**TASK STATEMENT**: Please transcribe, exactly, the line that contains "this 1600×1200 image." and every line after it to the end of the records, and nothing else.
INFORMATION SUPPLIED Block Start
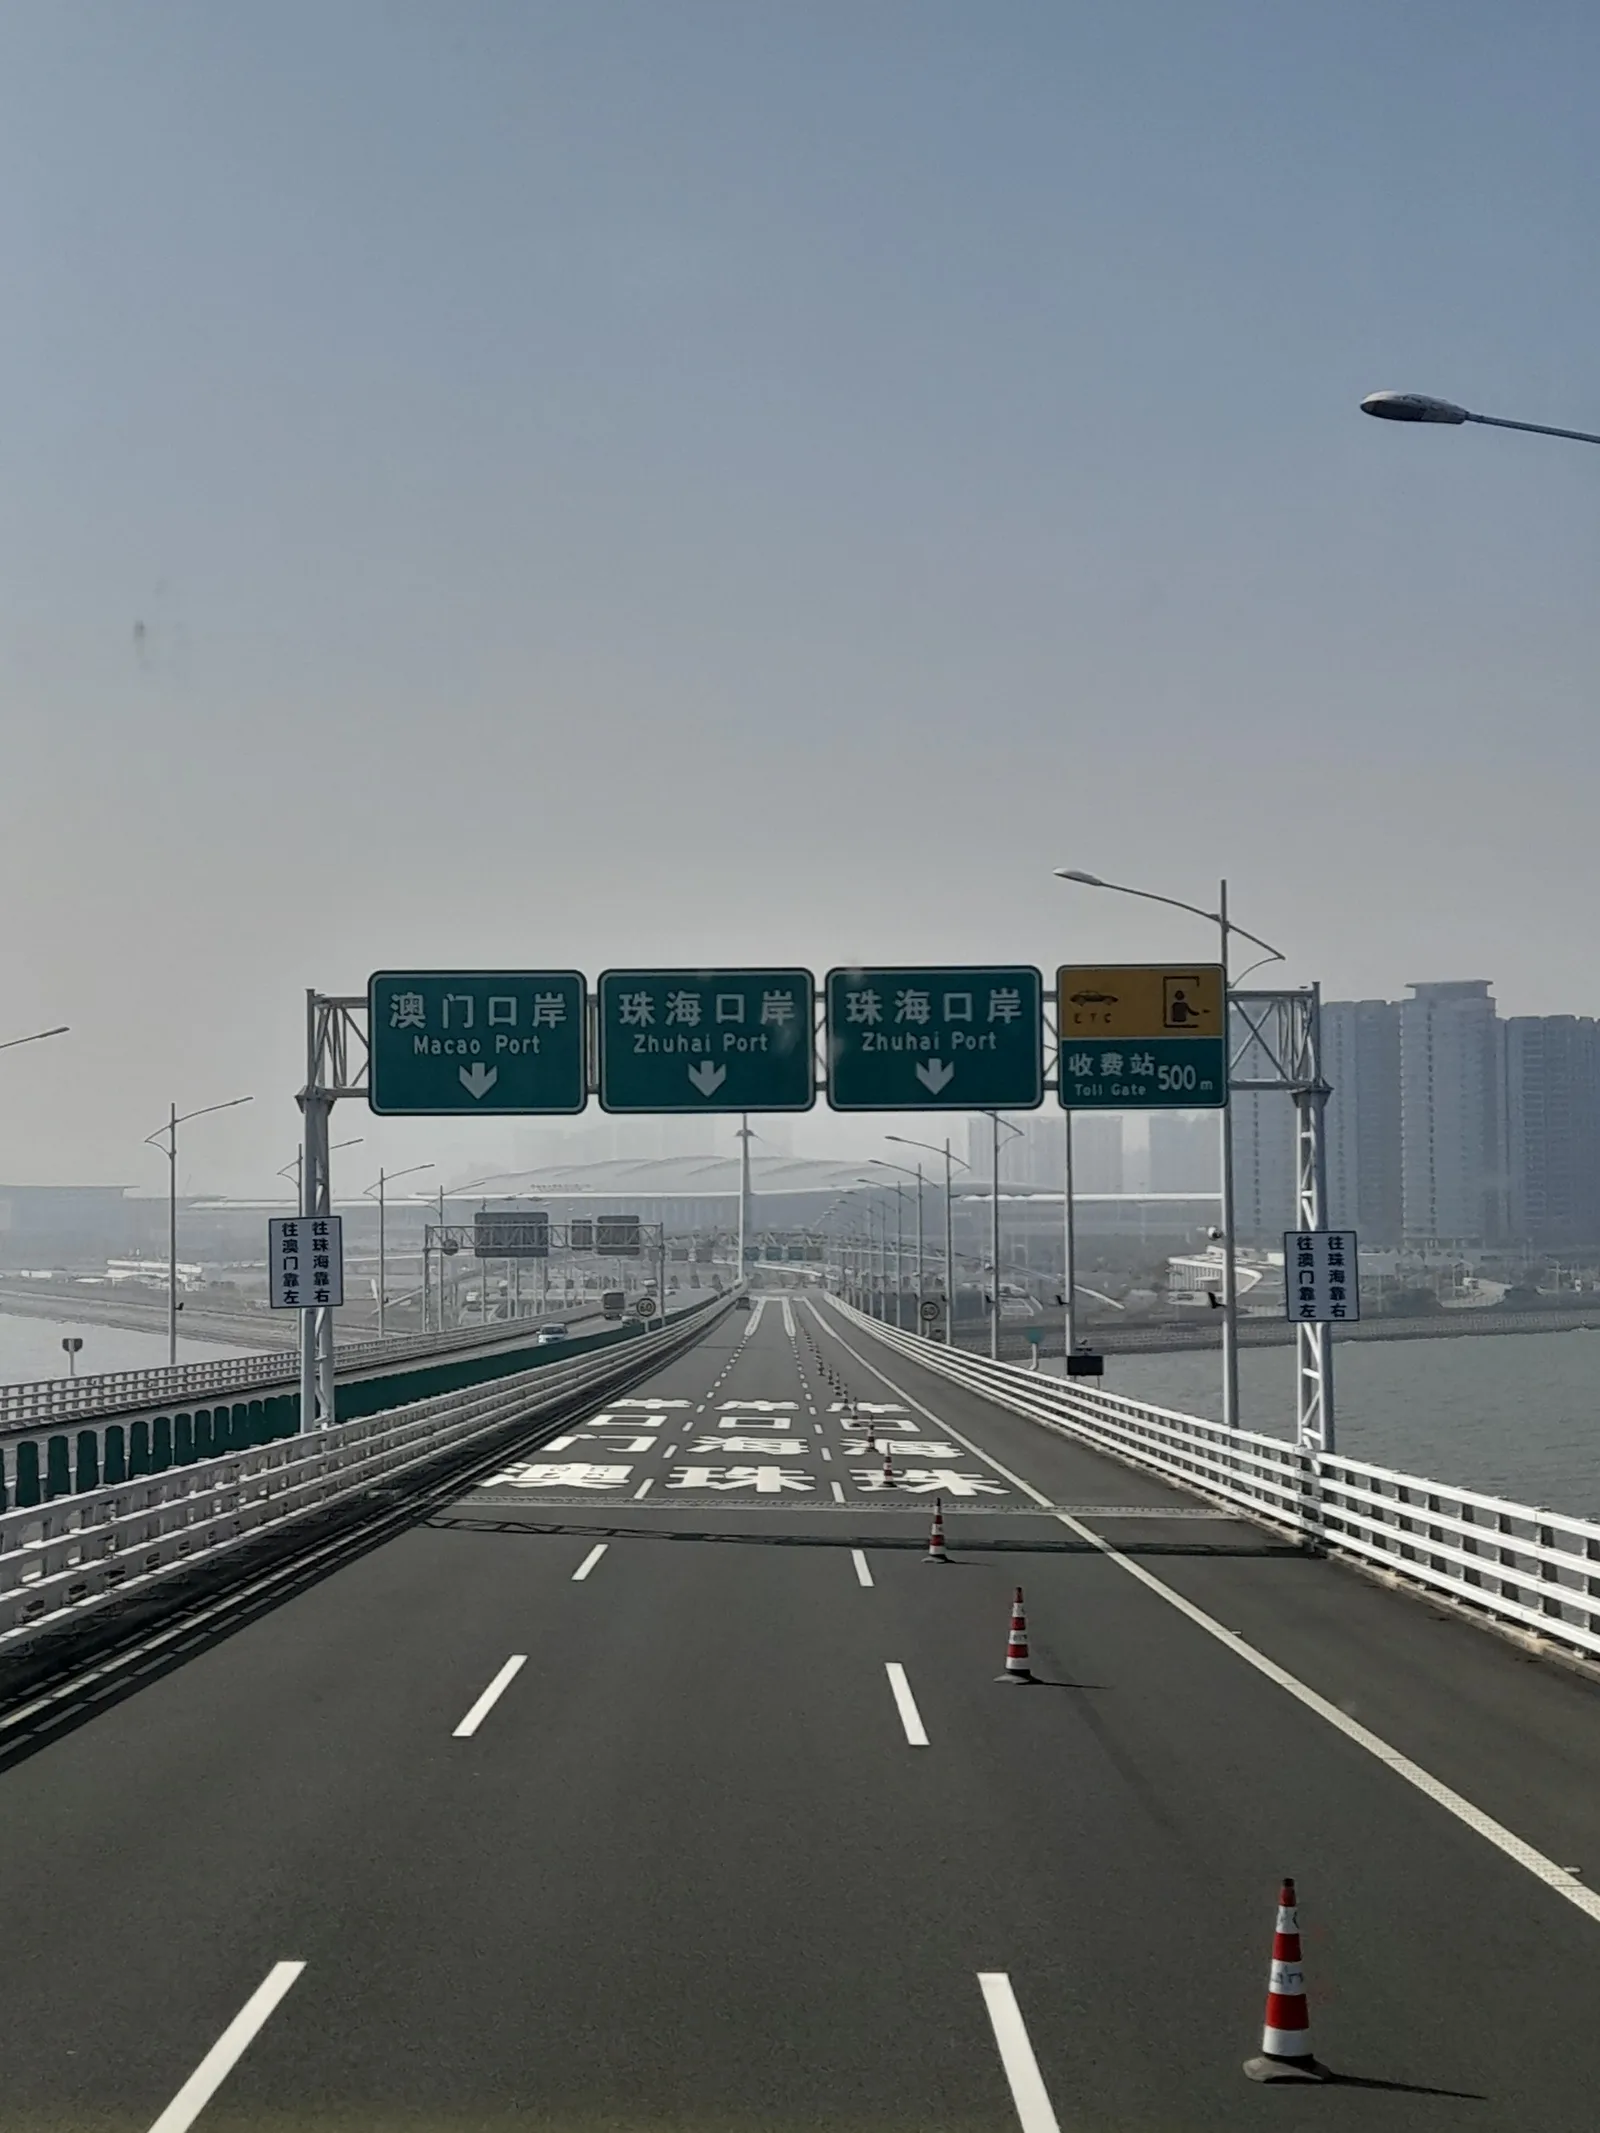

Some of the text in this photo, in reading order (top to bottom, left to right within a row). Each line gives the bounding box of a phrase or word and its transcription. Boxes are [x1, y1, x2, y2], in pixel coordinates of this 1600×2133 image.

[389, 992, 568, 1029] 澳门口岸
[619, 990, 796, 1027] 珠海口岸
[845, 988, 1023, 1025] 珠海口岸
[413, 1034, 541, 1055] Macao Port
[633, 1033, 769, 1053] Zhuhai Port
[861, 1031, 998, 1051] Zhuhai Port
[1068, 1052, 1155, 1077] 收费站
[1074, 1083, 1147, 1097] Toll Gate
[281, 1222, 300, 1305] 往澳门靠左
[312, 1221, 330, 1303] 往珠海靠右
[1297, 1236, 1316, 1318] 往澳门靠左
[1328, 1236, 1347, 1318] 往珠海靠右
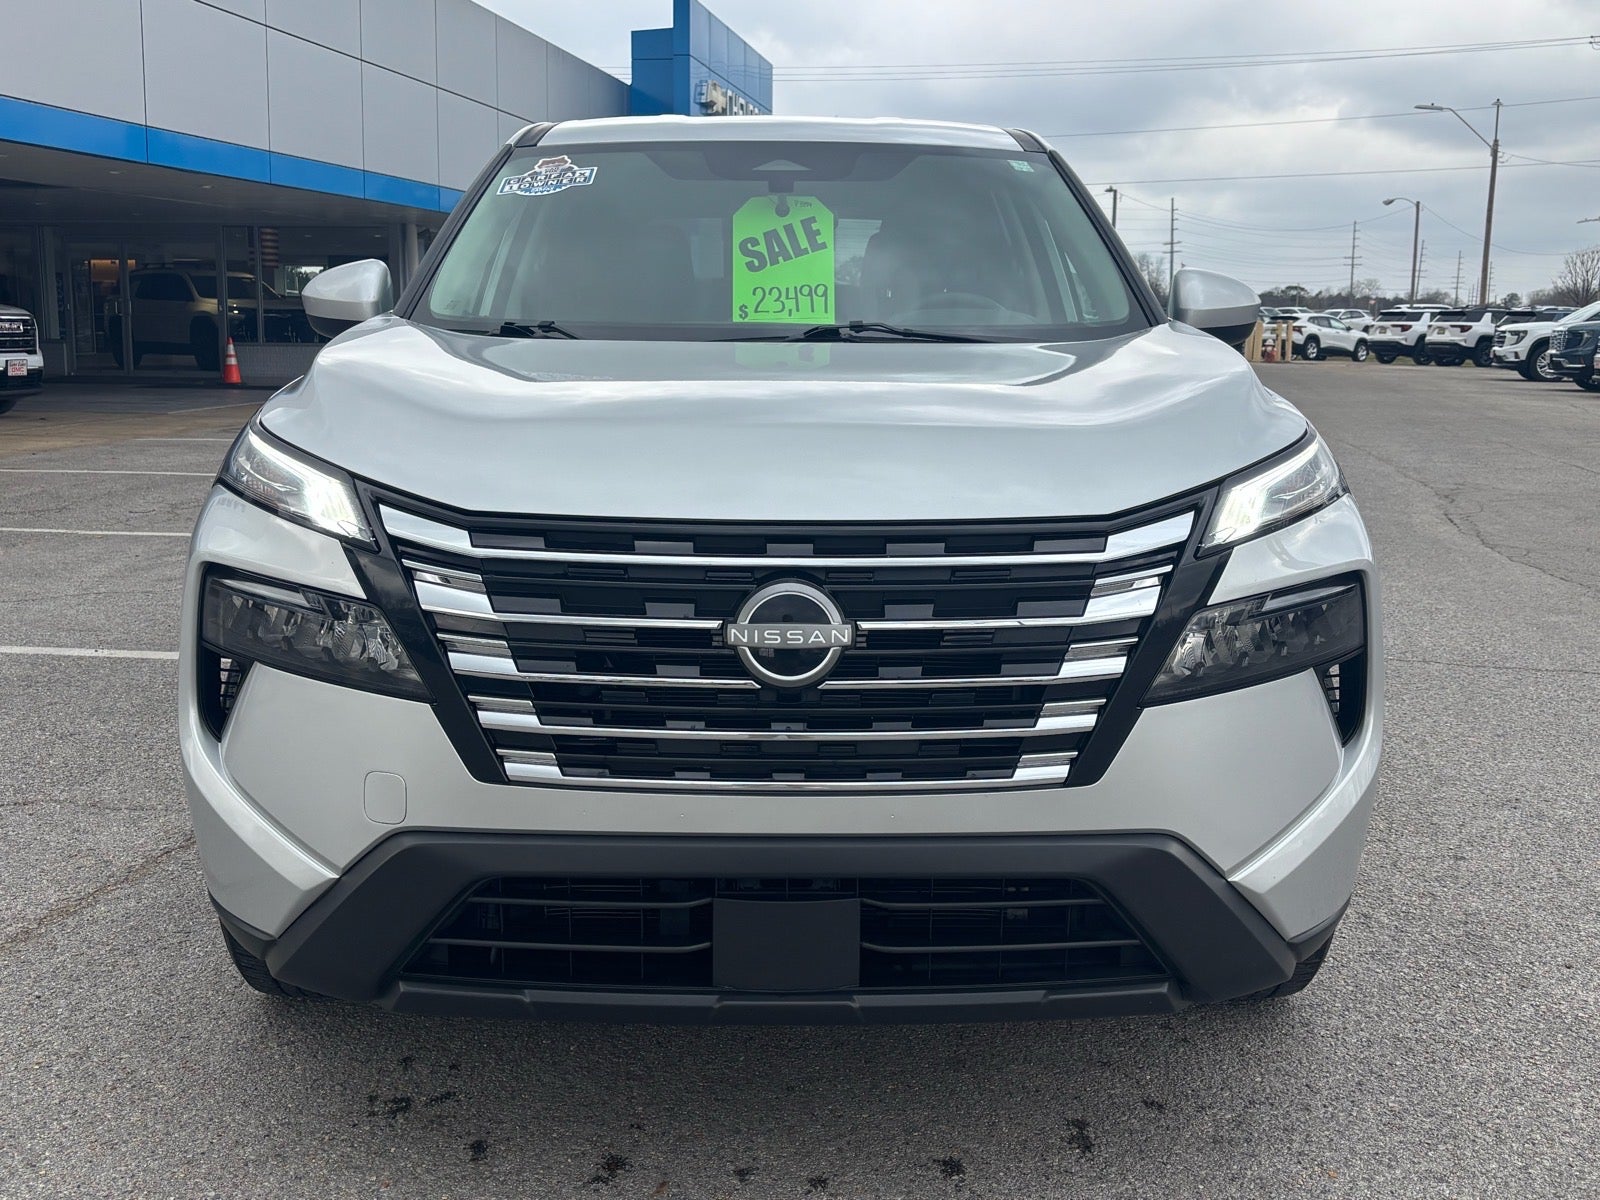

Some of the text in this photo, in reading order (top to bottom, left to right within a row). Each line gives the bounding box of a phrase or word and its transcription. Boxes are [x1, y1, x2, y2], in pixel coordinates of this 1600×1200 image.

[508, 170, 588, 185] CARFAX
[738, 215, 828, 273] SALE
[730, 628, 849, 644] NISSAN
INFORMATION SUPPLIED Block End
**EXPECTED ANSWER**:
Some of the text in this photo, in reading order (top to bottom, left to right within a row). Each line gives the bounding box of a phrase or word and its transcription. Boxes are [x1, y1, x2, y2], in pixel coordinates of this 1600×1200 image.

[508, 170, 588, 185] CARFAX
[738, 215, 828, 273] SALE
[730, 628, 849, 644] NISSAN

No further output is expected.